▸ **Exercise**
Print the material underneath in full, keeping every line exactly as it is.
◇ ◇ ◇ ◇ ◇ ◇ ◇
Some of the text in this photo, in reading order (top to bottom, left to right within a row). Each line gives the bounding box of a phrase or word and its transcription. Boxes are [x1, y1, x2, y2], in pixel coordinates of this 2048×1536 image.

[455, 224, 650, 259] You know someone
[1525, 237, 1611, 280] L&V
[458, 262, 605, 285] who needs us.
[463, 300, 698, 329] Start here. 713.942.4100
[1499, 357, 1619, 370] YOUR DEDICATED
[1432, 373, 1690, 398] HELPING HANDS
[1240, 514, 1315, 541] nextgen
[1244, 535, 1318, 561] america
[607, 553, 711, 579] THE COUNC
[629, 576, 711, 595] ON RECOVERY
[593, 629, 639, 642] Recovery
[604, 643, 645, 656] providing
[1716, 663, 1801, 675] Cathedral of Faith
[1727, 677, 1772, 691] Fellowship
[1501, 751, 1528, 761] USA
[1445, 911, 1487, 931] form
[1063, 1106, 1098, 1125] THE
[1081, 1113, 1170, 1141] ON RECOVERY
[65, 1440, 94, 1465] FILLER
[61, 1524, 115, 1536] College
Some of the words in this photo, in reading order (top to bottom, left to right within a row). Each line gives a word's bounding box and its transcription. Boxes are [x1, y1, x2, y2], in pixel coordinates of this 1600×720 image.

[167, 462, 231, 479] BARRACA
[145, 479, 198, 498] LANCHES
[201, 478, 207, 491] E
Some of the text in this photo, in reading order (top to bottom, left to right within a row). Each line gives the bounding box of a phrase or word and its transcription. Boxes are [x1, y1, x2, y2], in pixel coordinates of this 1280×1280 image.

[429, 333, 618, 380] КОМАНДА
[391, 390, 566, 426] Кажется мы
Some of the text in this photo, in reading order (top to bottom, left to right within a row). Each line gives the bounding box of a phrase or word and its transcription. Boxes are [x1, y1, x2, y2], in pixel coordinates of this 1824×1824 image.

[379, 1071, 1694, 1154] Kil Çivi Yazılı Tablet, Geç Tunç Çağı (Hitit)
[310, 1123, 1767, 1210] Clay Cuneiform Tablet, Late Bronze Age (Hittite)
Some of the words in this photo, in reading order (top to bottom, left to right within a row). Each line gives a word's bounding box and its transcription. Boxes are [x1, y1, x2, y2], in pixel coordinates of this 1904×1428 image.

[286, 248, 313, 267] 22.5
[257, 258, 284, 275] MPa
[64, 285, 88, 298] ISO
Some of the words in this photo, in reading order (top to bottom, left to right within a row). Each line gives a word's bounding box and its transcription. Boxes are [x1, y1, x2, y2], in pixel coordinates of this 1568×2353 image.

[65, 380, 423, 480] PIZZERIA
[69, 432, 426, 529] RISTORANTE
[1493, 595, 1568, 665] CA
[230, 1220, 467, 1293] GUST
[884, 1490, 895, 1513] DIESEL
◇ ◇ ◇ ◇ ◇ ◇ ◇
▸ **Response below**
Some of the text in this photo, in reading order (top to bottom, left to right within a row). Each line gives the bounding box of a phrase or word and its transcription. Boxes are [x1, y1, x2, y2], in pixel coordinates of this 2048×1536 image.

[455, 224, 650, 259] You know someone
[1525, 237, 1611, 280] L&V
[458, 262, 605, 285] who needs us.
[463, 300, 698, 329] Start here. 713.942.4100
[1499, 357, 1619, 370] YOUR DEDICATED
[1432, 373, 1690, 398] HELPING HANDS
[1240, 514, 1315, 541] nextgen
[1244, 535, 1318, 561] america
[607, 553, 711, 579] THE COUNC
[629, 576, 711, 595] ON RECOVERY
[593, 629, 639, 642] Recovery
[604, 643, 645, 656] providing
[1716, 663, 1801, 675] Cathedral of Faith
[1727, 677, 1772, 691] Fellowship
[1501, 751, 1528, 761] USA
[1445, 911, 1487, 931] form
[1063, 1106, 1098, 1125] THE
[1081, 1113, 1170, 1141] ON RECOVERY
[65, 1440, 94, 1465] FILLER
[61, 1524, 115, 1536] College
Some of the words in this photo, in reading order (top to bottom, left to right within a row). Each line gives a word's bounding box and its transcription. Boxes are [x1, y1, x2, y2], in pixel coordinates of this 1600×720 image.

[167, 462, 231, 479] BARRACA
[145, 479, 198, 498] LANCHES
[201, 478, 207, 491] E
Some of the text in this photo, in reading order (top to bottom, left to right within a row). Each line gives the bounding box of a phrase or word and its transcription. Boxes are [x1, y1, x2, y2], in pixel coordinates of this 1280×1280 image.

[429, 333, 618, 380] КОМАНДА
[391, 390, 566, 426] Кажется мы
Some of the text in this photo, in reading order (top to bottom, left to right within a row). Each line gives the bounding box of a phrase or word and its transcription. Boxes are [x1, y1, x2, y2], in pixel coordinates of this 1824×1824 image.

[379, 1071, 1694, 1154] Kil Çivi Yazılı Tablet, Geç Tunç Çağı (Hitit)
[310, 1123, 1767, 1210] Clay Cuneiform Tablet, Late Bronze Age (Hittite)
Some of the words in this photo, in reading order (top to bottom, left to right within a row). Each line gives a word's bounding box and its transcription. Boxes are [x1, y1, x2, y2], in pixel coordinates of this 1904×1428 image.

[286, 248, 313, 267] 22.5
[257, 258, 284, 275] MPa
[64, 285, 88, 298] ISO
Some of the words in this photo, in reading order (top to bottom, left to right within a row). Each line gives a word's bounding box and its transcription. Boxes are [x1, y1, x2, y2], in pixel coordinates of this 1568×2353 image.

[65, 380, 423, 480] PIZZERIA
[69, 432, 426, 529] RISTORANTE
[1493, 595, 1568, 665] CA
[230, 1220, 467, 1293] GUST
[884, 1490, 895, 1513] DIESEL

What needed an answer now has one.